Goal of the exercise:
Give back each line of the listing precisely as written.

Material for this task:

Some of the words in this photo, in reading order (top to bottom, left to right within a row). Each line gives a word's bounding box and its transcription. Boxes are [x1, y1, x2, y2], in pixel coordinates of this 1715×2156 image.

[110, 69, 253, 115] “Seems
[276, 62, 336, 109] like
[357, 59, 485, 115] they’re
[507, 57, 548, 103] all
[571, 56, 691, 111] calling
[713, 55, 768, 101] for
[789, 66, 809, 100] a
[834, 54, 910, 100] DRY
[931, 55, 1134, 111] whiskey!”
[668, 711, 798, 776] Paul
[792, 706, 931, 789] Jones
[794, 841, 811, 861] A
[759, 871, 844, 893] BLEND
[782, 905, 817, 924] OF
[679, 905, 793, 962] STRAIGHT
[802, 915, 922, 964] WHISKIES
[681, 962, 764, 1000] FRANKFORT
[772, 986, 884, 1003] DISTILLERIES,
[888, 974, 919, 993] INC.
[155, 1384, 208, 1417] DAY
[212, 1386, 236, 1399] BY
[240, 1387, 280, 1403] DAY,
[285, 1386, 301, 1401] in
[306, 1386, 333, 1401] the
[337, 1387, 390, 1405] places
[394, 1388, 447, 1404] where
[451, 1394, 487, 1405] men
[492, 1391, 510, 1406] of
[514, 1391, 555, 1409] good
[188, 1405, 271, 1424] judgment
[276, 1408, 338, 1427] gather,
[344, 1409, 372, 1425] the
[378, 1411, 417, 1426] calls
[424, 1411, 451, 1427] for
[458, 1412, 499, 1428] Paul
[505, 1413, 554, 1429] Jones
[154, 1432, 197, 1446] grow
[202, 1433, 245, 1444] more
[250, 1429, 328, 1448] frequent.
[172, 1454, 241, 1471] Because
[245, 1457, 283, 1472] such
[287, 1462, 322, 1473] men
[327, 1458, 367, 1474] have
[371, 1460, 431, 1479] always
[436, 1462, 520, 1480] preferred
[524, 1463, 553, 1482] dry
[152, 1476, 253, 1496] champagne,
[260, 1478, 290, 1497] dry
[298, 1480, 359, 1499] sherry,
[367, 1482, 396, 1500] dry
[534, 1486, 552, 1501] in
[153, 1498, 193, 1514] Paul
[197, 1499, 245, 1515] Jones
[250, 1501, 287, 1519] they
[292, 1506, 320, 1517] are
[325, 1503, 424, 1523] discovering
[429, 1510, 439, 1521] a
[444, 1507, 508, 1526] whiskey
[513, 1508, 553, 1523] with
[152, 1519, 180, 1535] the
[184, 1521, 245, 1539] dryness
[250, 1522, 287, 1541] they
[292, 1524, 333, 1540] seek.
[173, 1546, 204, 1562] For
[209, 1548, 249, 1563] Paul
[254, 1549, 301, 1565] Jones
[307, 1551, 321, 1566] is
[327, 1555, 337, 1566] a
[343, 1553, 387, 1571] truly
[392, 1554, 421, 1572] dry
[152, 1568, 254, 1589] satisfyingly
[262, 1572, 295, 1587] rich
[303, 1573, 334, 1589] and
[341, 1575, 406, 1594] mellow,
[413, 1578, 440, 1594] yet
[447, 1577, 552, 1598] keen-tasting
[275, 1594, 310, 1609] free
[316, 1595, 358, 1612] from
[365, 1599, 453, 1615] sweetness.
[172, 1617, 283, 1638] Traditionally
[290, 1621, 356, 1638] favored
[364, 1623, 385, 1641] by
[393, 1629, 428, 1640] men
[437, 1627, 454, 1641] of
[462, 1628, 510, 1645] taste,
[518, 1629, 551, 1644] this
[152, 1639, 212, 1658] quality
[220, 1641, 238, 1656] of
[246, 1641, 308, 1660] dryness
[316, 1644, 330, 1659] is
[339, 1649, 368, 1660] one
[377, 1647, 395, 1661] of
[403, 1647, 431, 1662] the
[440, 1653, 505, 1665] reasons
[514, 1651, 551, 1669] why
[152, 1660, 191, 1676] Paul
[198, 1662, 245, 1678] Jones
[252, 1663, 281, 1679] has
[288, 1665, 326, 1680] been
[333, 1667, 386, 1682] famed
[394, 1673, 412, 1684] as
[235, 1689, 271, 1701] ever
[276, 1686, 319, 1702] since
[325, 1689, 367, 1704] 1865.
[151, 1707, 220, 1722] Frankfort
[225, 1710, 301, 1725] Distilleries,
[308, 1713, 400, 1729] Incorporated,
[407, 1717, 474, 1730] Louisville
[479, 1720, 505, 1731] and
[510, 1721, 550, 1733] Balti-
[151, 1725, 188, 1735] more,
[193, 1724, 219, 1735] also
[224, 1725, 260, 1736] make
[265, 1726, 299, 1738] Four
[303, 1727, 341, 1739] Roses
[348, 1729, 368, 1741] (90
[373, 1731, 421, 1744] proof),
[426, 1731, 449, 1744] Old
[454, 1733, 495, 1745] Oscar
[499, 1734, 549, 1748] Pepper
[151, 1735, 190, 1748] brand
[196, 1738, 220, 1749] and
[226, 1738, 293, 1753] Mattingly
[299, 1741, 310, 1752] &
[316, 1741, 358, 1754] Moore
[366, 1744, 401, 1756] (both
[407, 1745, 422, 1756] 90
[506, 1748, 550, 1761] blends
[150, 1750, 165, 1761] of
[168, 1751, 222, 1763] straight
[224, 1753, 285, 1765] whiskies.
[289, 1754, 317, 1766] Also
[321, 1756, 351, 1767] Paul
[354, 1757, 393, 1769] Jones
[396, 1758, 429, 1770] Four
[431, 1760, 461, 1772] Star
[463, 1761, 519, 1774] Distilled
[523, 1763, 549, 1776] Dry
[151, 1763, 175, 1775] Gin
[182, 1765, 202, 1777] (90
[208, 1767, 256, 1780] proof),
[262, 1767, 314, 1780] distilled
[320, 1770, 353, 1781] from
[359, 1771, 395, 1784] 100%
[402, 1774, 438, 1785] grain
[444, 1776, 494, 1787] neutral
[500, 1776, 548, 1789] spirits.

Written response:
Some of the words in this photo, in reading order (top to bottom, left to right within a row). Each line gives a word's bounding box and its transcription. Boxes are [x1, y1, x2, y2], in pixel coordinates of this 1715×2156 image.

[110, 69, 253, 115] “Seems
[276, 62, 336, 109] like
[357, 59, 485, 115] they’re
[507, 57, 548, 103] all
[571, 56, 691, 111] calling
[713, 55, 768, 101] for
[789, 66, 809, 100] a
[834, 54, 910, 100] DRY
[931, 55, 1134, 111] whiskey!”
[668, 711, 798, 776] Paul
[792, 706, 931, 789] Jones
[794, 841, 811, 861] A
[759, 871, 844, 893] BLEND
[782, 905, 817, 924] OF
[679, 905, 793, 962] STRAIGHT
[802, 915, 922, 964] WHISKIES
[681, 962, 764, 1000] FRANKFORT
[772, 986, 884, 1003] DISTILLERIES,
[888, 974, 919, 993] INC.
[155, 1384, 208, 1417] DAY
[212, 1386, 236, 1399] BY
[240, 1387, 280, 1403] DAY,
[285, 1386, 301, 1401] in
[306, 1386, 333, 1401] the
[337, 1387, 390, 1405] places
[394, 1388, 447, 1404] where
[451, 1394, 487, 1405] men
[492, 1391, 510, 1406] of
[514, 1391, 555, 1409] good
[188, 1405, 271, 1424] judgment
[276, 1408, 338, 1427] gather,
[344, 1409, 372, 1425] the
[378, 1411, 417, 1426] calls
[424, 1411, 451, 1427] for
[458, 1412, 499, 1428] Paul
[505, 1413, 554, 1429] Jones
[154, 1432, 197, 1446] grow
[202, 1433, 245, 1444] more
[250, 1429, 328, 1448] frequent.
[172, 1454, 241, 1471] Because
[245, 1457, 283, 1472] such
[287, 1462, 322, 1473] men
[327, 1458, 367, 1474] have
[371, 1460, 431, 1479] always
[436, 1462, 520, 1480] preferred
[524, 1463, 553, 1482] dry
[152, 1476, 253, 1496] champagne,
[260, 1478, 290, 1497] dry
[298, 1480, 359, 1499] sherry,
[367, 1482, 396, 1500] dry
[534, 1486, 552, 1501] in
[153, 1498, 193, 1514] Paul
[197, 1499, 245, 1515] Jones
[250, 1501, 287, 1519] they
[292, 1506, 320, 1517] are
[325, 1503, 424, 1523] discovering
[429, 1510, 439, 1521] a
[444, 1507, 508, 1526] whiskey
[513, 1508, 553, 1523] with
[152, 1519, 180, 1535] the
[184, 1521, 245, 1539] dryness
[250, 1522, 287, 1541] they
[292, 1524, 333, 1540] seek.
[173, 1546, 204, 1562] For
[209, 1548, 249, 1563] Paul
[254, 1549, 301, 1565] Jones
[307, 1551, 321, 1566] is
[327, 1555, 337, 1566] a
[343, 1553, 387, 1571] truly
[392, 1554, 421, 1572] dry
[152, 1568, 254, 1589] satisfyingly
[262, 1572, 295, 1587] rich
[303, 1573, 334, 1589] and
[341, 1575, 406, 1594] mellow,
[413, 1578, 440, 1594] yet
[447, 1577, 552, 1598] keen-tasting
[275, 1594, 310, 1609] free
[316, 1595, 358, 1612] from
[365, 1599, 453, 1615] sweetness.
[172, 1617, 283, 1638] Traditionally
[290, 1621, 356, 1638] favored
[364, 1623, 385, 1641] by
[393, 1629, 428, 1640] men
[437, 1627, 454, 1641] of
[462, 1628, 510, 1645] taste,
[518, 1629, 551, 1644] this
[152, 1639, 212, 1658] quality
[220, 1641, 238, 1656] of
[246, 1641, 308, 1660] dryness
[316, 1644, 330, 1659] is
[339, 1649, 368, 1660] one
[377, 1647, 395, 1661] of
[403, 1647, 431, 1662] the
[440, 1653, 505, 1665] reasons
[514, 1651, 551, 1669] why
[152, 1660, 191, 1676] Paul
[198, 1662, 245, 1678] Jones
[252, 1663, 281, 1679] has
[288, 1665, 326, 1680] been
[333, 1667, 386, 1682] famed
[394, 1673, 412, 1684] as
[235, 1689, 271, 1701] ever
[276, 1686, 319, 1702] since
[325, 1689, 367, 1704] 1865.
[151, 1707, 220, 1722] Frankfort
[225, 1710, 301, 1725] Distilleries,
[308, 1713, 400, 1729] Incorporated,
[407, 1717, 474, 1730] Louisville
[479, 1720, 505, 1731] and
[510, 1721, 550, 1733] Balti-
[151, 1725, 188, 1735] more,
[193, 1724, 219, 1735] also
[224, 1725, 260, 1736] make
[265, 1726, 299, 1738] Four
[303, 1727, 341, 1739] Roses
[348, 1729, 368, 1741] (90
[373, 1731, 421, 1744] proof),
[426, 1731, 449, 1744] Old
[454, 1733, 495, 1745] Oscar
[499, 1734, 549, 1748] Pepper
[151, 1735, 190, 1748] brand
[196, 1738, 220, 1749] and
[226, 1738, 293, 1753] Mattingly
[299, 1741, 310, 1752] &
[316, 1741, 358, 1754] Moore
[366, 1744, 401, 1756] (both
[407, 1745, 422, 1756] 90
[506, 1748, 550, 1761] blends
[150, 1750, 165, 1761] of
[168, 1751, 222, 1763] straight
[224, 1753, 285, 1765] whiskies.
[289, 1754, 317, 1766] Also
[321, 1756, 351, 1767] Paul
[354, 1757, 393, 1769] Jones
[396, 1758, 429, 1770] Four
[431, 1760, 461, 1772] Star
[463, 1761, 519, 1774] Distilled
[523, 1763, 549, 1776] Dry
[151, 1763, 175, 1775] Gin
[182, 1765, 202, 1777] (90
[208, 1767, 256, 1780] proof),
[262, 1767, 314, 1780] distilled
[320, 1770, 353, 1781] from
[359, 1771, 395, 1784] 100%
[402, 1774, 438, 1785] grain
[444, 1776, 494, 1787] neutral
[500, 1776, 548, 1789] spirits.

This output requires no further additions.